Abstract
Objective
Hypophosphatemia is a critical condition in intensive care settings, often linked to adverse clinical outcomes. Elderly patients, due to factors such as malnutrition, comorbidities, and altered renal function, are vulnerable to this condition. This study aimed to evaluate the incidence, associated factors, and clinical implications of hypophosphatemia in elderly critically ill patients.
Materials and Methods
A retrospective cohort study was conducted in a tertiary intensive care unit (ICU) between January 2020 and December 2022. Patients aged ≥65 years were divided into two groups: hypophosphatemic and non-hypophosphatemic. Hypophosphatemia was defined as a serum phosphate level <2.5 mg/dL.
Results
Among 433 elderly critically ill patients, the incidence of hypophosphatemia was 18.5%. Logistic regression analysis identified cardiac decompensation as the reason for ICU admission [odds ratio (OR): 2.33, 95% confidence interval (CI): 1.09-4.95, p=0.028]; absence of renal injury according to the Risk, Injury, Failure, Loss of kidney function, and End-stage kidney disease (RIFLE) classification (OR: 3.83, 95% CI: 2.19-6.71, p<0.001); hypokalemia (OR: 2.61, 95% CI: 1.46-4.69, p=0.001); and hypoalbuminemia (OR: 2.61, 95% CI: 1.46-4.67, p=0.01) as independent risk factors for hypophosphatemia. Subgroup analysis revealed a higher prevalence of hypophosphatemia of 32.8%, in patients without renal injury according to the RIFLE classification. However, hypophosphatemia was not associated with adverse clinical outcomes, including the requirement of mechanical ventilation, an increased ICU length of stay, or higher mortality, even after excluding patients with renal injury according to the RIFLE classification.
Conclusion
Contrary to expectations, this study found that hypophosphatemia incidence is not higher in elderly critically ill patients than in the general ICU population. Although current literature has emphasized the association between hypophosphatemia and negative clinical outcomes, our study did not demonstrate this association, suggesting, hypophosphatemia is an indicator of disease severity rather than a risk factor for mortality.
Introduction
Phosphate is an essential anion for cellular function, including energy production, cell membrane integrity, and muscle function, making its deficiency particularly detrimental in critically ill patients (1-4). Several studies have emphasized the association between hypophosphatemia and adverse clinical outcomes in intensive care unit (ICU) settings. (2-5). The mechanical ventilation (MV) requirement is significantly higher in hypophosphatemic patients, indicating more severe respiratory compromise (4). Longer ICU and hospital stays in patients with hypophosphatemia compared to those with normal phosphate levels have been demonstrated (2, 4). Some studies have shown the link between hypophosphatemia and increased mortality in ICU patients (5). However, recent meta-analyses concluded that hypophosphatemia is an indicator of disease severity rather than an independent risk factor for mortality (1, 6).
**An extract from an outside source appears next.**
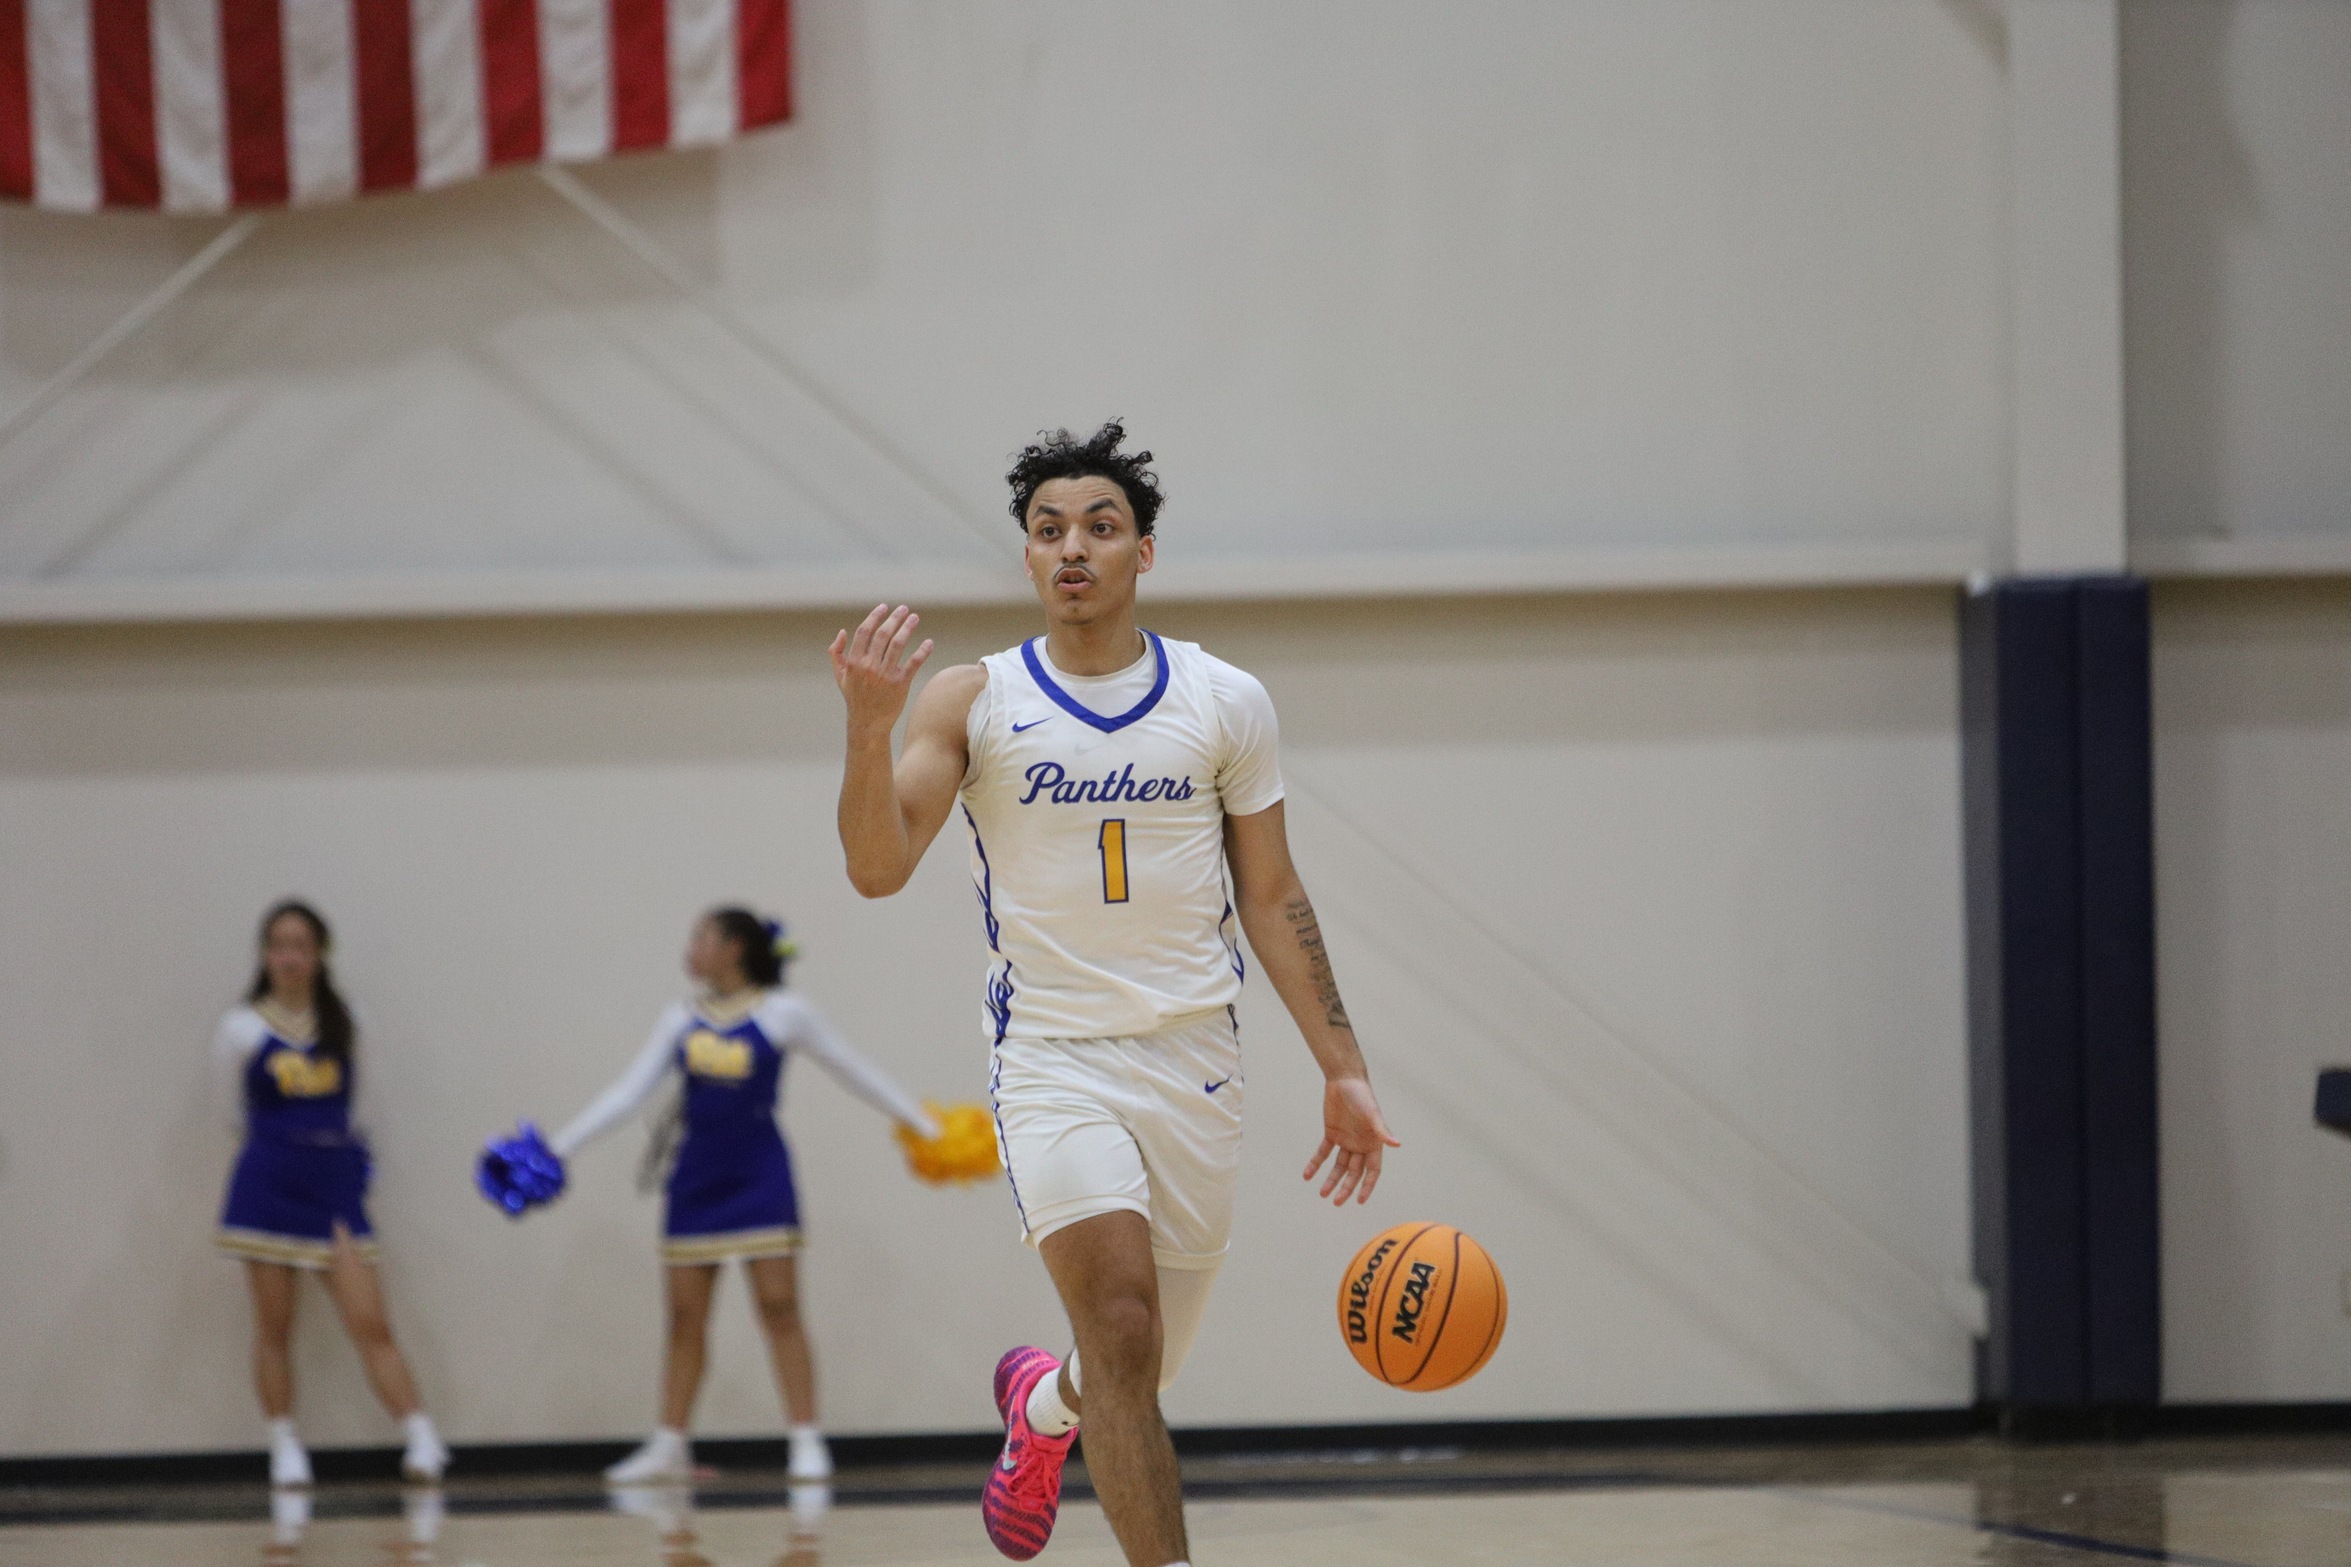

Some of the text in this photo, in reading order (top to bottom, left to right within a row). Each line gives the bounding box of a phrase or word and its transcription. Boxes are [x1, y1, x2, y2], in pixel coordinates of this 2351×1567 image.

[1019, 762, 1197, 804] Panthers
[1098, 818, 1129, 903] 1
[1348, 1239, 1398, 1344] Wilson
[1392, 1262, 1436, 1343] NCAA
Critically ill patients, including postoperative, septic, and trauma patients, are known to be at risk of hypophosphatemia due to decreased intestinal absorption, redistribution of extracellular fluids to intracellular compartments, increased consumption in catabolic phases, increased renal excretion, and iatrogenic complications of renal replacement therapy (RRT) (2-7). The incidence of hypophosphatemia in this patient group varies widely, with some studies reporting rates as high as 28-60% (1). Hypophosphatemia often coexists with other electrolyte abnormalities, such as hypokalemia and hypomagnesemia, complicating the clinical picture. Additionally, low serum albumin levels, indicative of poor nutritional status, are frequently observed in patients with hypophosphatemia (4). Elderly patients are particularly vulnerable to hypophosphatemia due to factors such as malnutrition and associated refeeding syndrome, impaired renal function, and the use of medications like diuretics, steroids, and some antimicrobials that can contribute to phosphate depletion (7-10). Understanding the prevalence and implications of hypophosphatemia in the elderly population is crucial for improving patient outcomes. In the current literature, few studies reveal the clinical consequences of hypophosphatemia, especially in elderly critically ill patients. With this study, we aimed to reveal the incidence of hypophosphatemia, concurrent electrolyte disorders, associated factors, and outcomes in the elderly critically ill population.
Materials and Methods
Study Design and Setting
This retrospective cohort study was carried out in the nine-bed tertiary medical ICU at Gazi University Hospital between January 2020 and December 2022. The research protocol was approved by the Local Ethics Committee of Gazi University, Faculty of Medicine, (approval number: 996621, research code number: 2024-1132, date: 09.07.2024). Informed consent was not obtained as the data were collected retrospectively. This study protocol also complied with the Declaration of Helsinki.
Participants
Critically ill patients were included if they were ≥65 years old. Patients were excluded if they died within 24 hours, were transferred from other ICUs, or had recurrent ICU admissions. Patients without serum phosphate levels on admission to the ICU were also excluded from the study.
Data Collection
Epidemiological and laboratory data were retrieved from electronic hospital systems and medical archives. We collected demographic details, including age, gender, ICU admission causes, comorbidities, and clinical severity assessments such as the Glasgow Coma Scale, Acute Physiology and Chronic Health Evaluation II (APACHE II), Sequential Organ Failure Assessment (SOFA), Risk, Injury, Failure, Loss of kidney function, and End-stage kidney disease (RIFLE) Score, as well as the infection source in septic patients. Additionally, data regarding the clinical parameters related to ICU admission, RRT requirement , and nutritional support, albumin replacement, length of ICU stay, and ICU mortality rates were documented.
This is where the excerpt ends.